CNN.com, August 19 2002

Several lawsuits have already been filed against fast-food restaurants, claiming that they are responsible for the ill health of the obese who have fed for years on their products. None have so far been successful, and many people regard them as some kind of joke. But advocates point out that the first people to sue "big tobacco" were ridiculed. Yet in 1998, the Master Settlement Agreement saw the major US tobacco companies agree to pay $246bn over 25 years to settle lawsuits filed by US states.

The success of the tobacco suits has encouraged those who believe that the junk-food claims are analogous. In both cases, it is claimed that public health has been damaged by the actions of major corporations who concealed the health risks of their products. This makes them liable to pay damages to those who suffered as a result.

From a legal point of view, there are certainly precedents set by the tobacco suits which those pursuing fast-food manufacturers will want to learn from. But are the two cases truly analogous?

One legitimate way to draw an analogy in an argument is to identify a common logical structure. In such a case, it is not the content of the analogy that matters, but the structure of the inference. So, for example, it can be argued that the arguments against the tobacco and fast-food industries have a common structure, namely:

1. If a manufacturer covers up the harm its products can cause, it is responsible for any such harm its products do cause.
2. X has covered up the harm its products can cause.
3. Therefore X is responsible for any such harm its products have caused.

If (1) is true, then X can be substituted for anything which makes (2) true and the conclusion (3) will follow. In this way, the two arguments are analogous. In fact, they both share a basic valid form known as affirming the antecedent:

If P then Q
P
Therefore Q

But the tobacco case is not cited purely because the arguments there have the same logical structure. Rather, it is claimed that the relevant facts are the same. In other words, the similarity extends to the content of the premises.

This is where the analogy might break down, at least with the specific argument considered above. First, it is not clear that the Master Settlement Agreement was premised on the principle that "If a manufacturer covers up the harm its products can cause, it is responsible for any such harm its products do cause". But even if it were, the second premise - X has covered up the harm its products can cause - is almost certainly not equally true of the tobacco and fast food industries.

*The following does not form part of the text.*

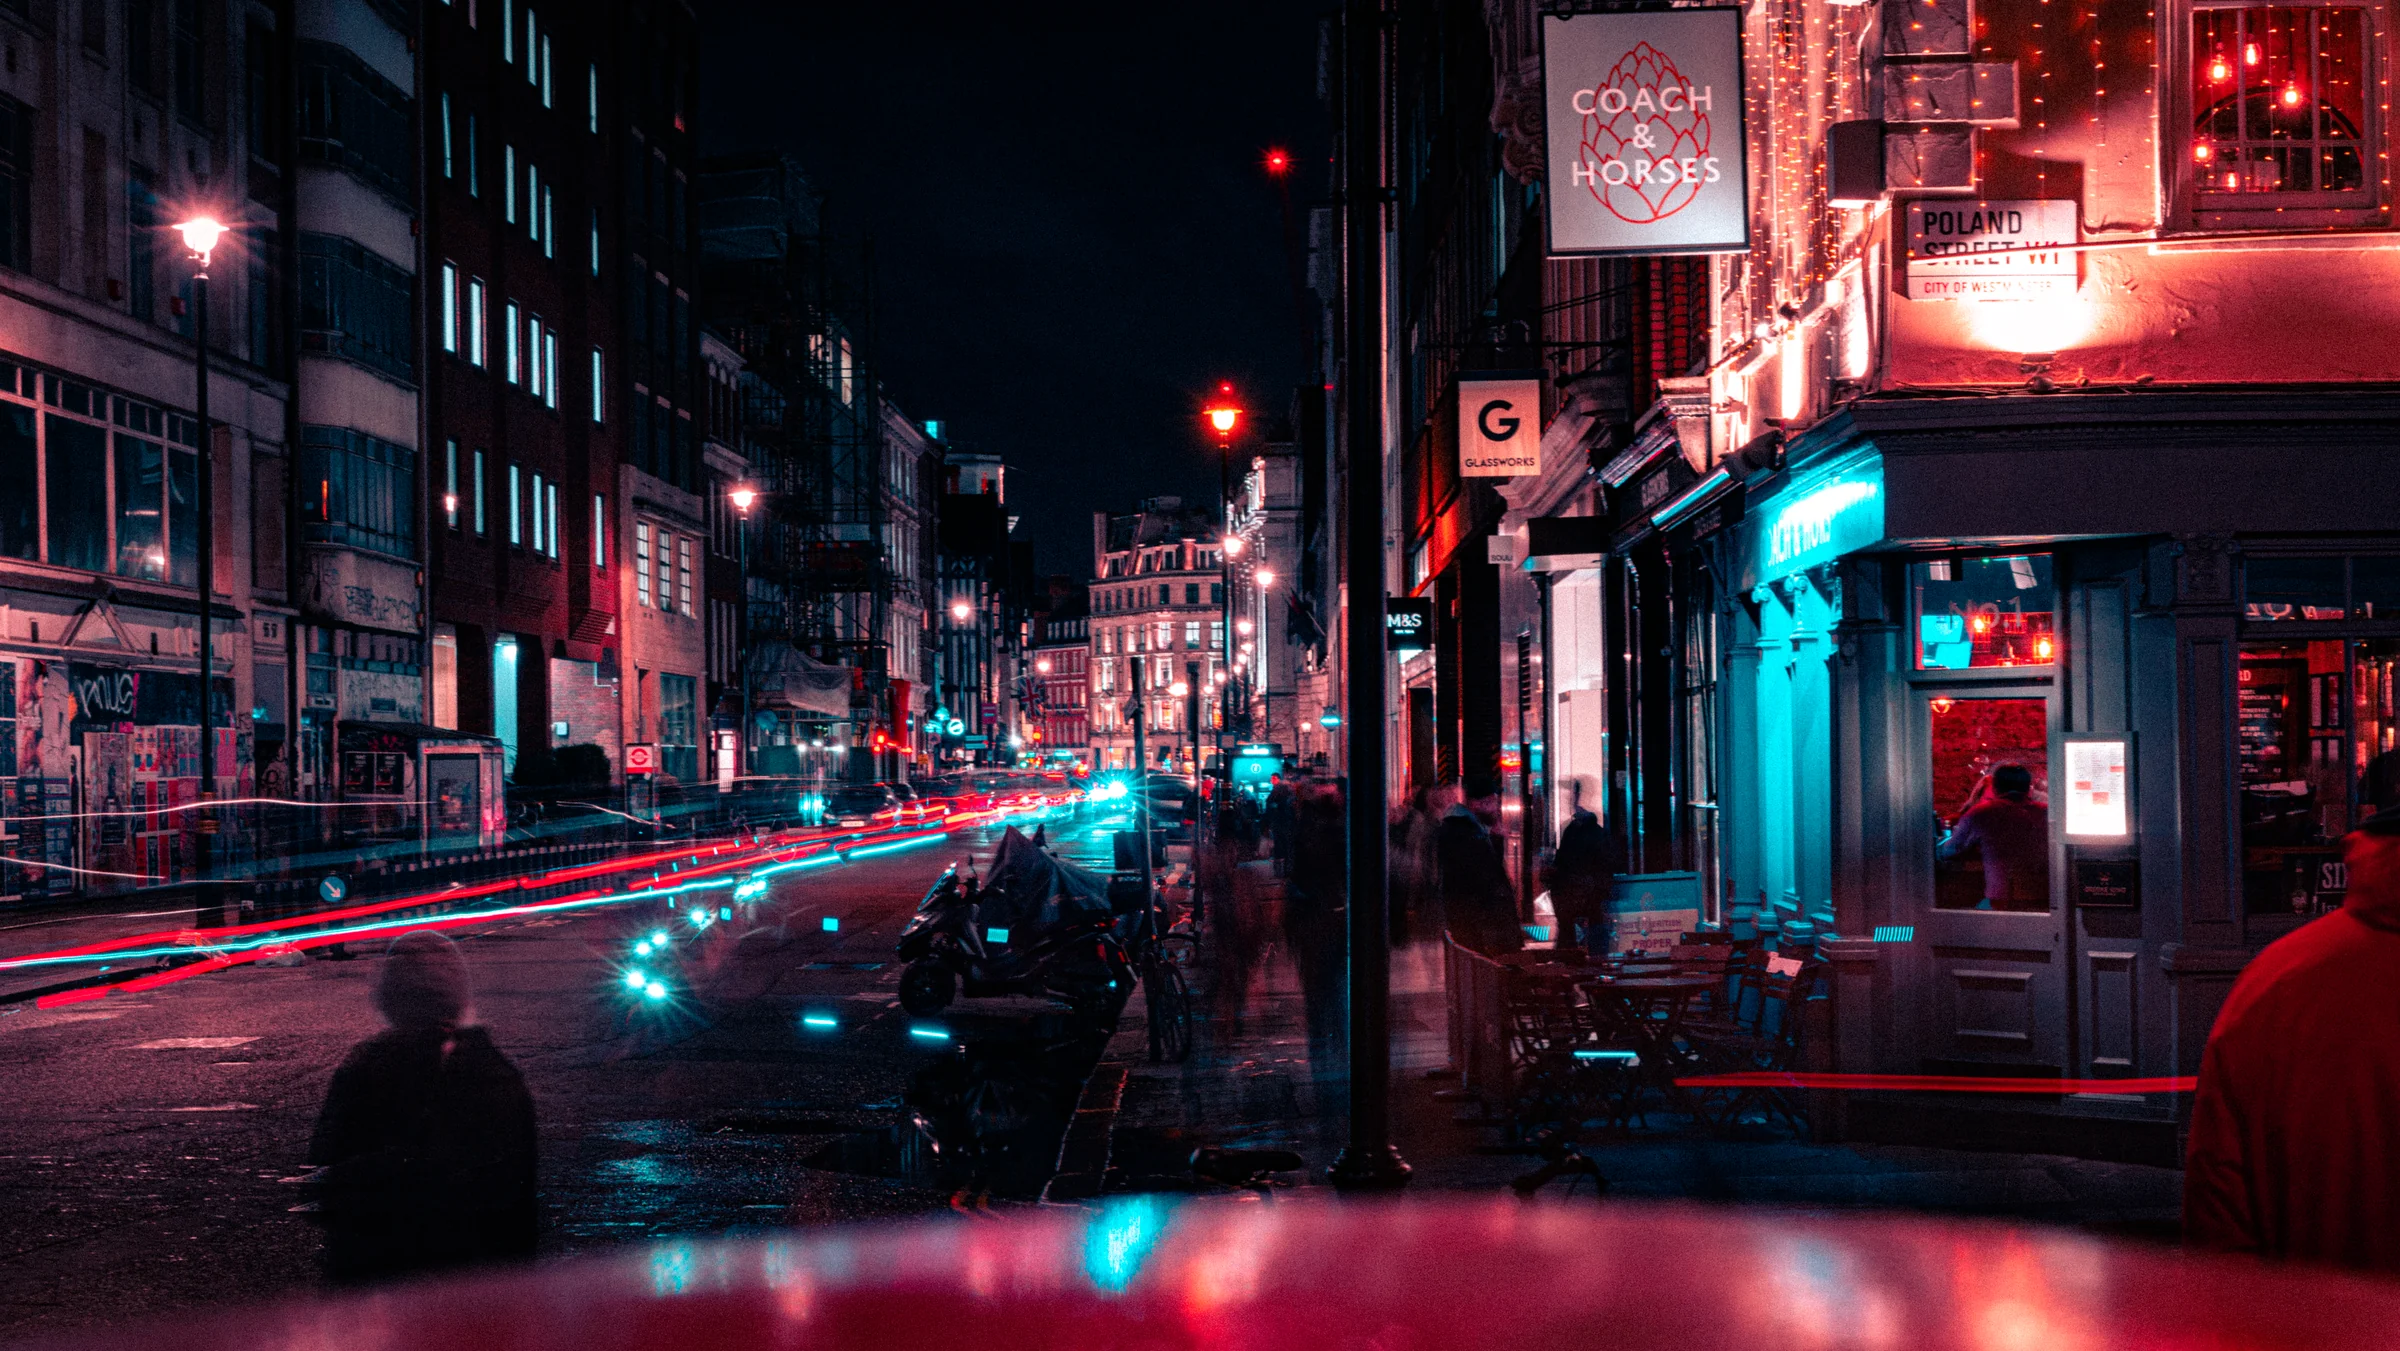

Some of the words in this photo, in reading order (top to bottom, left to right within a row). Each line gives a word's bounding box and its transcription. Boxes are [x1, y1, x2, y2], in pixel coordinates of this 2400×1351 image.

It should have been obvious to tobacco companies a long time ago that their products were intrinsically damaging to health. Warnings such as those now placed in adverts by the alcohol industry - "use our product responsibly" - would be incongruous on cigarette packets. But fast-food, like alcohol, can be enjoyed in moderation without harm to health. And furthermore, the facts about what constitutes a healthy diet are well enough known for it to be possible to make the case that consumers should choose for themselves how much fast-food they consume.

The complaints that can be made against the tobacco firms and the fast-food restaurants are thus disanalogous. Cigarette manufacturers are accused of not making public the at the time little known risks of using their products; fast-food manufacturers are accused of not doing enough to highlight the well-known risks of misusing of their products. In one case, it's about covering up the inevitable harm, in the other it's failure to advertise the potential harm caused by misuse. Hence the second premise of the argument is not the same in both cases and the analogy breaks down.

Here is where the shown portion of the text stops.